This is a Stick-up!

0 September 2, 2010  State & Local Construction, Uncategorized

There is an interesting story on Fox & Hounds Daily (California politics and business blog) about big Labor and their allies push for costly project labor agreements (PLAs) even on privately funded projects built to benefit society – like museums.

Here are the highlights with our emphasis added (L.A. to Eli Broad: ‘Stick ’em Up’, 9/2/10):

It’s sickening to see the way Eli Broad is being mugged by Los Angeles.

Here’s a statesman who’s trying to make a gift to the city, and one that’s exceedingly generous. So you’d think the so-called leaders of Los Angeles County and the city would have the decency to say thank you.

Instead, they’re leveling the blued-steel barrel of government power at him and saying, “Stick ’em up.”

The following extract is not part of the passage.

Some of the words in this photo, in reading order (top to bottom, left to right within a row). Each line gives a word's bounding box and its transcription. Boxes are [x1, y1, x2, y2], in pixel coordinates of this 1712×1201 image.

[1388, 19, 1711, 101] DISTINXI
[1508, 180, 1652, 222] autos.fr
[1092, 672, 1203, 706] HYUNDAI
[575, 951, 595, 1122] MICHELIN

Broad is being forced to march through L.A.’s band of brigands, paying a little extra here, a few million more there, and it’s stomach-churning to watch.

Broad’s gift, of course, is a downtown L.A. museum – that he would pay $100 million to build – that would display terrific art, which he would supply. And he’ll even endow it with $200 million to pay for its future operations. Got that? Broad’s gift would be akin to creating a city or county museum – an outstanding one – except he’s paying for all of it; taxpayers are getting a gift.

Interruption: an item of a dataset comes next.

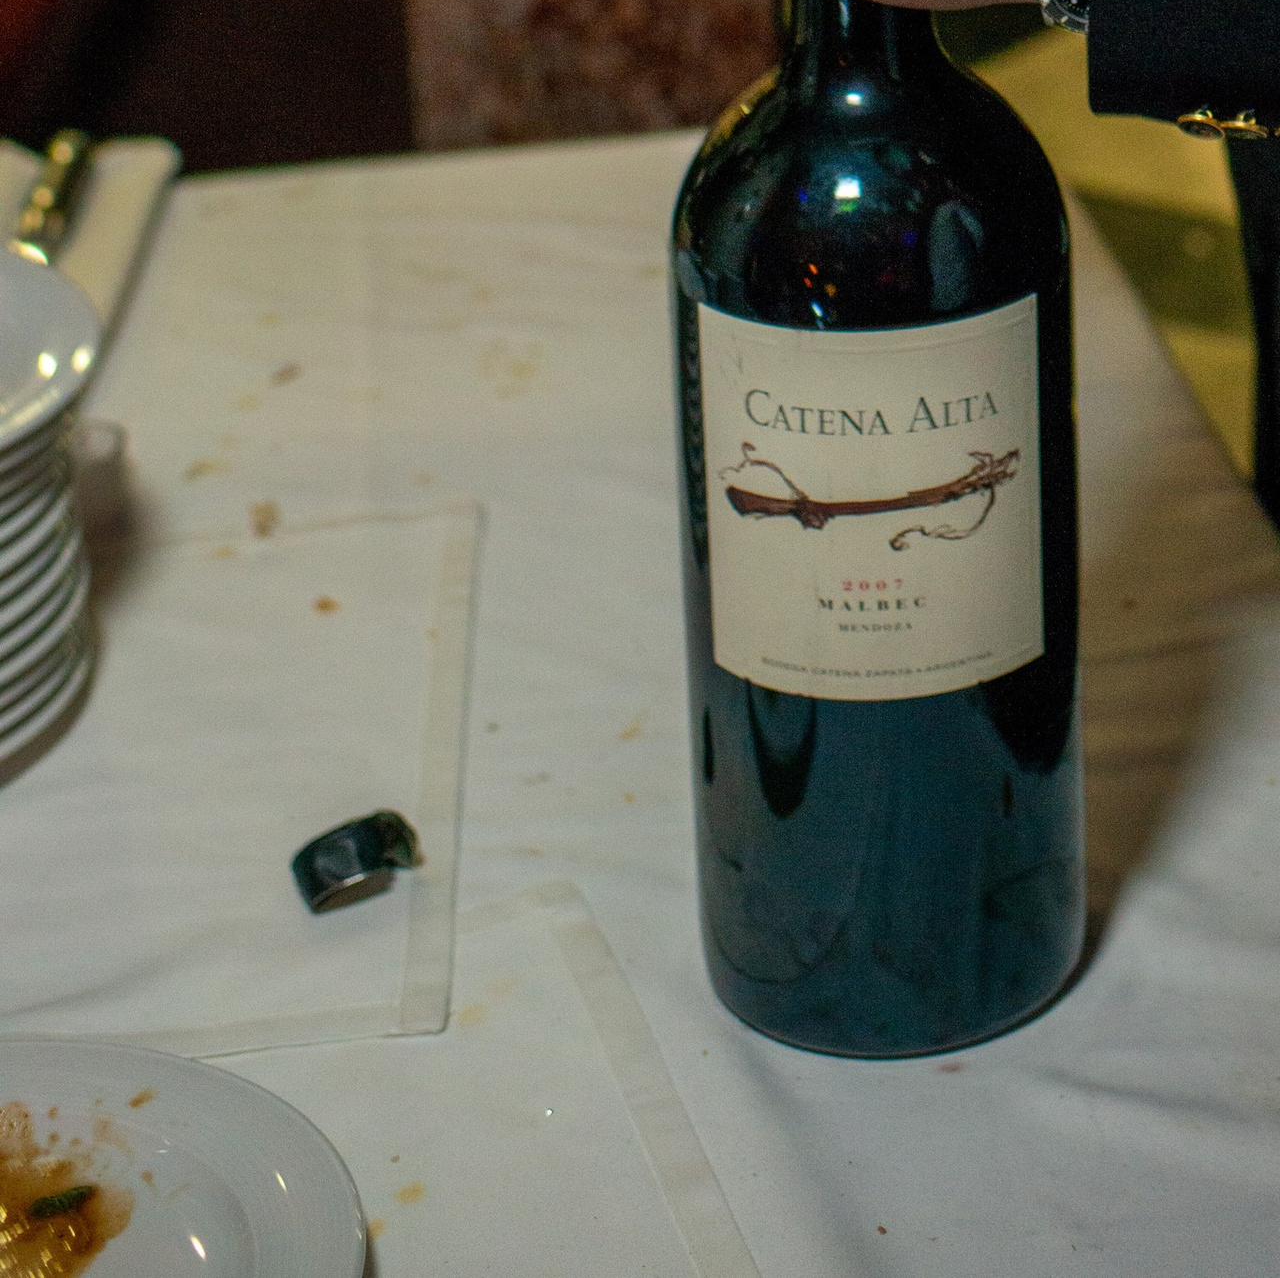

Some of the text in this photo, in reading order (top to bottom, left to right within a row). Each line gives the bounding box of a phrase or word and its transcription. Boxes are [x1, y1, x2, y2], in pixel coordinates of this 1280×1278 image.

[744, 388, 1000, 436] CATENA ALTA
[841, 577, 904, 592] 2007
[818, 597, 926, 611] MALBEC

Well, Los Angeles County Supervisor Michael Antonovich didn’t see that. He saw a chance for a shakedown. There’s no reason for local governments to give Broad a $1-a-year lease for the land that Broad wants to build on, he said, asking, Why should we do a favor for some rich guy?

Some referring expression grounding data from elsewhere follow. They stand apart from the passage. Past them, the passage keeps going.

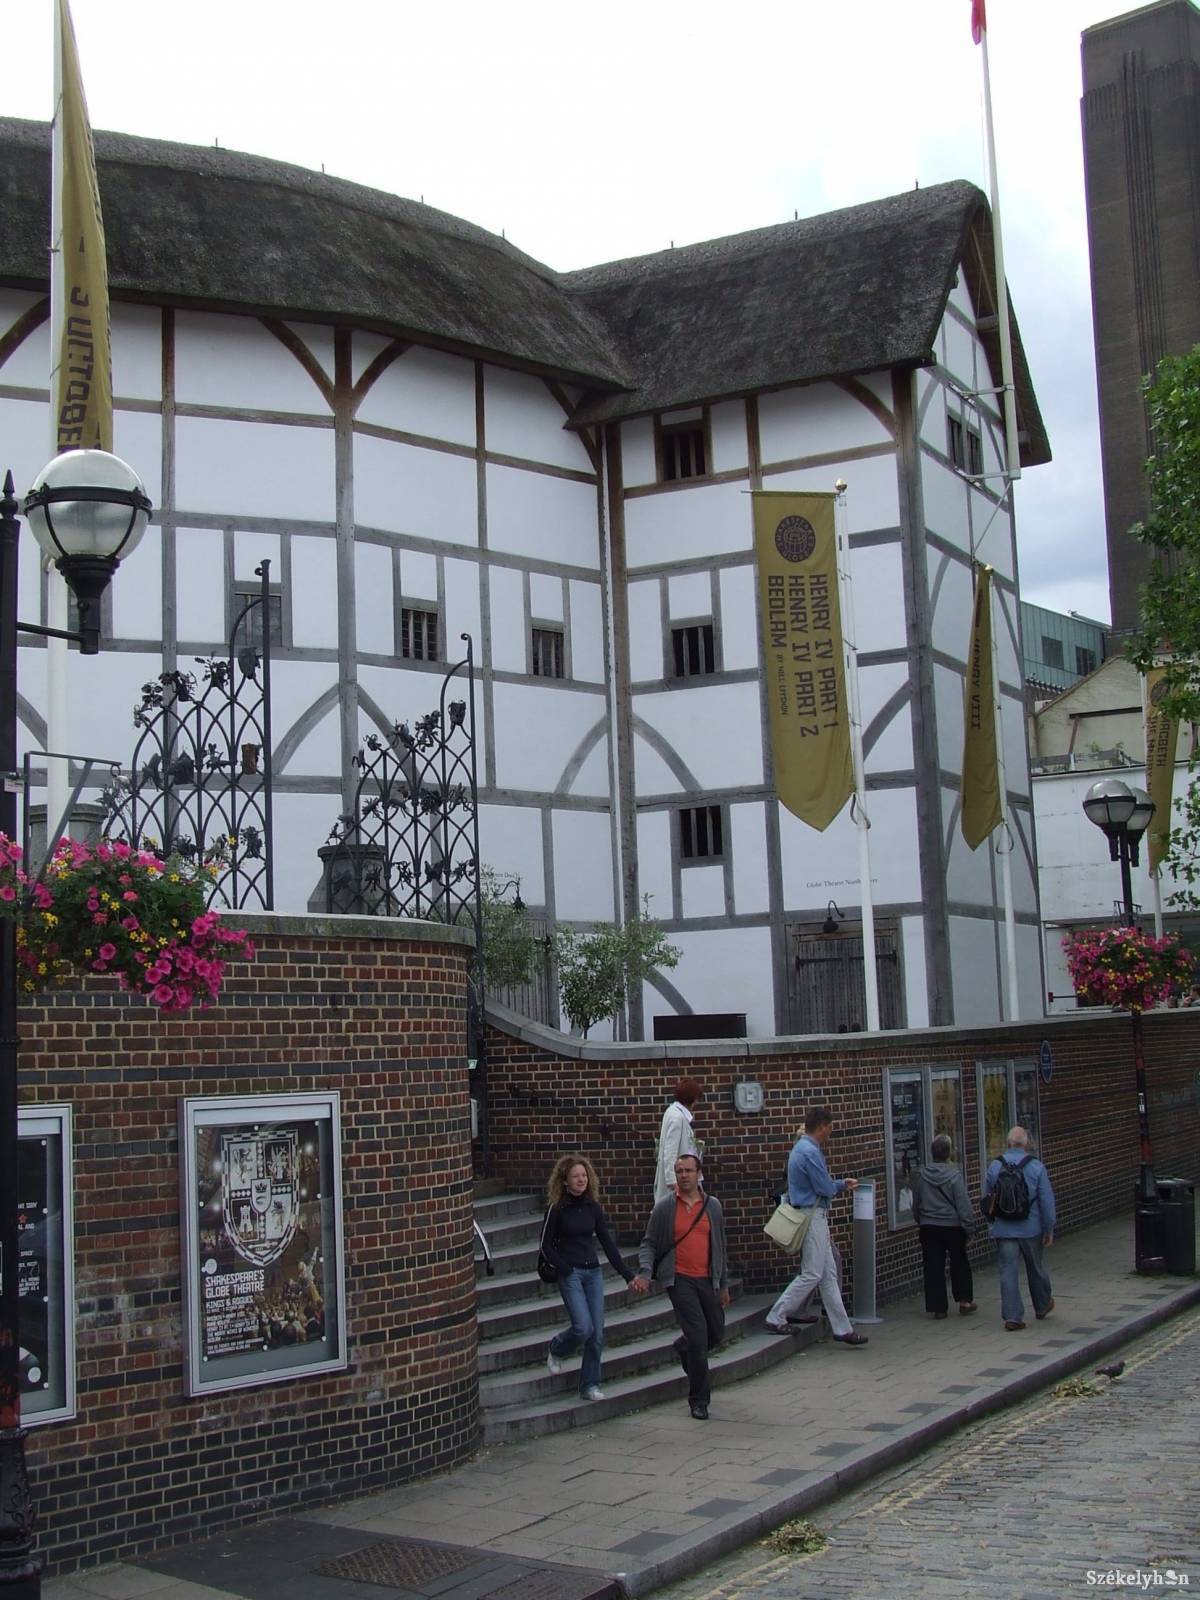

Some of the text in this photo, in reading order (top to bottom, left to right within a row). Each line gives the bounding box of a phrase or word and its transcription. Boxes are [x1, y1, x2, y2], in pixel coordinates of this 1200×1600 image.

[58, 317, 94, 452] OCTOBE
[768, 575, 787, 649] BEDLAM
[788, 575, 819, 738] HENRY IV PART 2
[809, 573, 840, 728] HENRY IV PART 1
[971, 694, 981, 730] VIII
[205, 1269, 265, 1288] SHAKESPEARE'S
[205, 1280, 265, 1299] GLOBE THEATRE

Well, here’s why: Broad wasn’t asking for a favor. He was requesting the same kind of consideration that cultural institutions from sea to shining sea have always received because cities and counties benefit tremendously from such museums. A dollar-a-year deal was given to the Norton Simon Museum in Pasadena and the Museum of Contemporary Art on Grand Avenue downtown (which is across the street from Broad’s proposed museum).

[snip]

But the holdup of Broad didn’t end there. The cutpurses down at the Community Redevelopment Agency told Broad he needs a big garage for his museum. Actually, the museum only needs 100 or so parking spaces, and it could lease those from nearby buildings, so, no, it doesn’t need a big garage at all. The CRA said Broad didn’t hear correctly. He needs a big garage.

So, without complaining, Broad agreed to loan the CRA $15 million to help pay for a 300-space garage under the museum. And Broad’s museum will lease parking spaces from the CRA. Money that the CRA can use to help repay the loan. Neat, huh?

But the CRA wasn’t done with Broad. At a recent meeting, the CRA required the museum be built under a Project Labor Agreement, which means it must be constructed with union labor.

Now, Broad would have done that anyway, but it provided Madeline Janis, who chaired the meeting for the CRA, a chance to let her union buddies take the stage and testify how they’d support the museum – so long as there was a PLA. (Does anyone else see an itty-bitty conflict in allowing Janis, who founded and oversees a union labor organization, to chair meetings in which the CRA becomes an unalloyed union-boosting agency?)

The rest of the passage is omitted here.